|
Review by Susan Granger
3½ stars out of 4
With all that has been written about the feminist movement, it
took Pulitzer Prize-winning Anna Quindlen to write an engrossing story
that dramatizes the complex difference between our mother's generation
and us, a confrontation between a woman whose expectations never
extended beyond her home and her children and her husband's career,
who viewed her life as an adjunct to those things, and her daughter,
whom she raised not only to work but to expect the world. Renee
Zellweger ("Jerry Maguire") plays an ambitious Manhattan journalist
who is forced to move back home to help her middle-aged parents -
Meryl Streep and William Hurt - through a cancer crisis. Not only does
she discover who her parents really are - their strengths, their
weaknesses - but the gutsy, gritty emotional journey she undertakes as
a care-giver is a complicated rite-of-passage to her own
maturity. Superbly adapted for the screen by Karen Croner and directed
by Carl Franklin ("Devil in a Blue Dress"), the performances are
dazzling, except for Tom E. Scott's bland younger brother character
which is grossly underwritten.
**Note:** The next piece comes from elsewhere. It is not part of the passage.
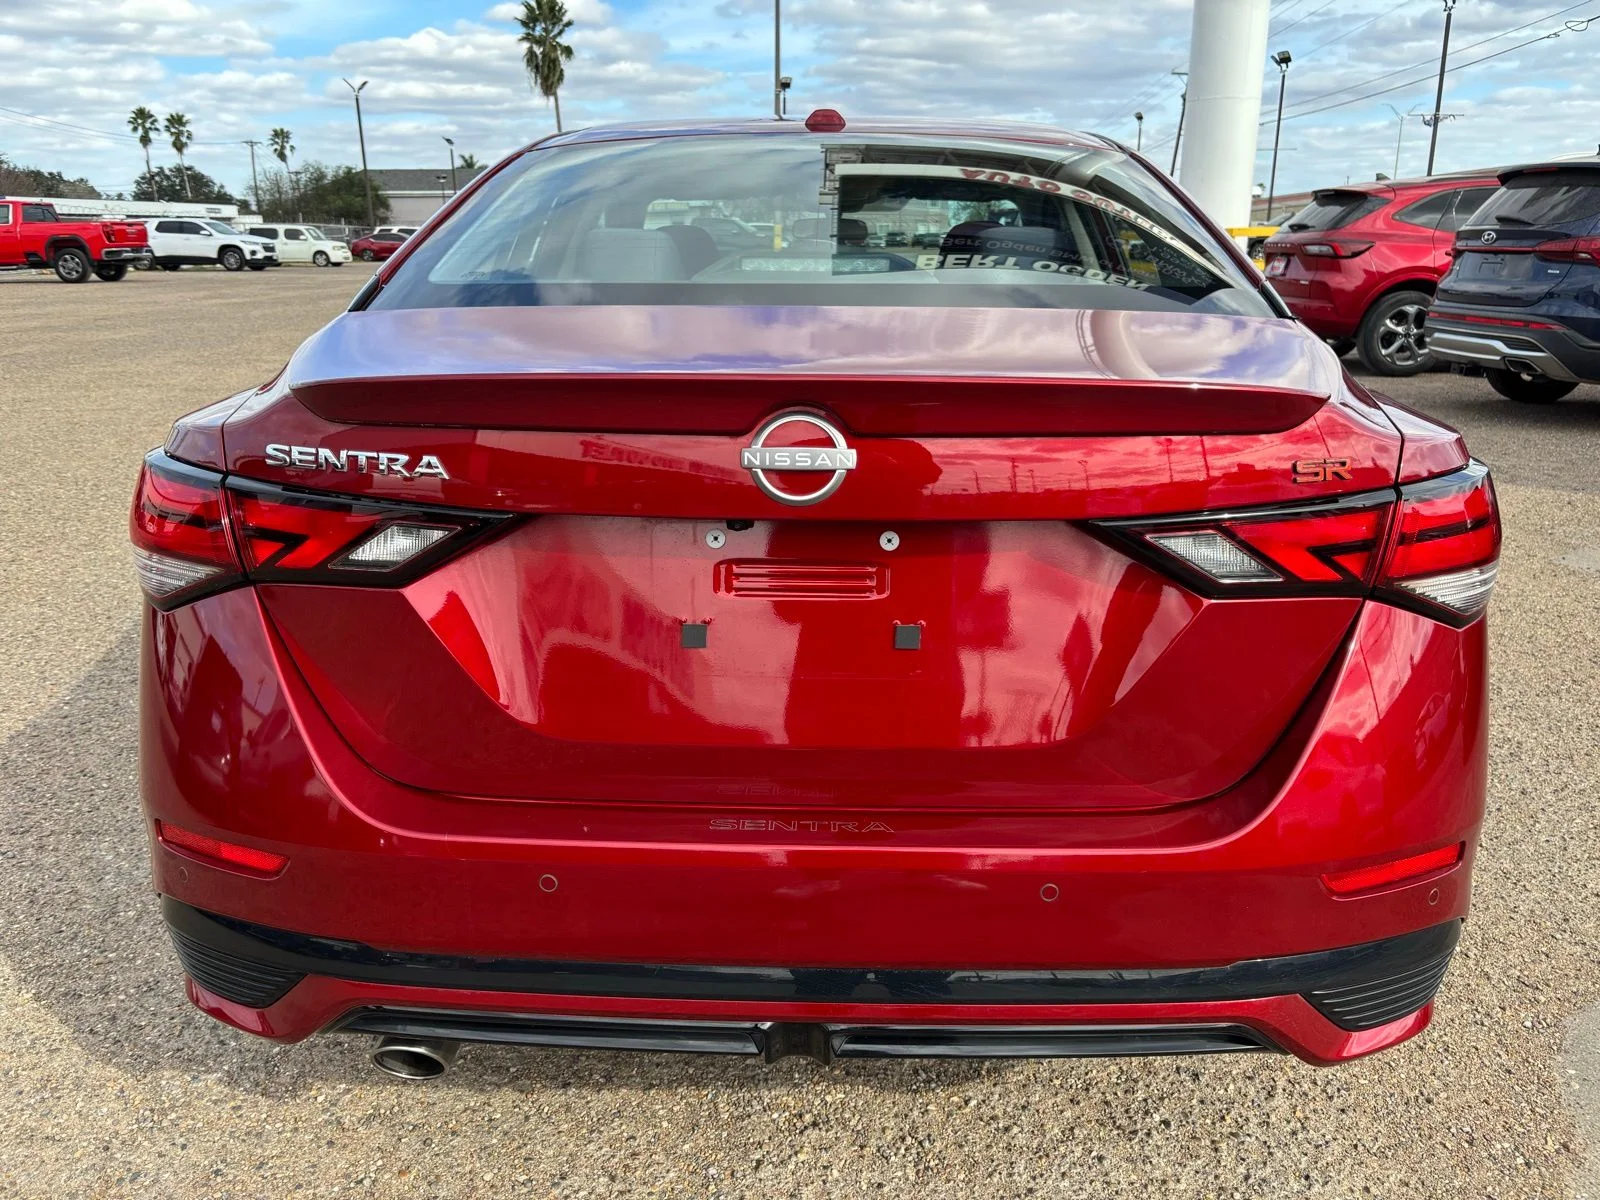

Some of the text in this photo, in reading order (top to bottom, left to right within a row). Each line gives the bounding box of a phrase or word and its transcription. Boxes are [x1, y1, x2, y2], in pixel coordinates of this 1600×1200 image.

Renee Zellweger, in particular, is
captivating; she is irresistible as an actress, while Meryl Streep is
luminous, perceptive, and courageous. On the Granger Movie Gauge of 1
to 10, "One True Thing" is a wise, resolute 8. It's a remarkable,
intimate film that reverberates with love for an unbroken generation
of stay-at-home mothers who knew how to have fun within a limited
arena and to love the life they made for themselves.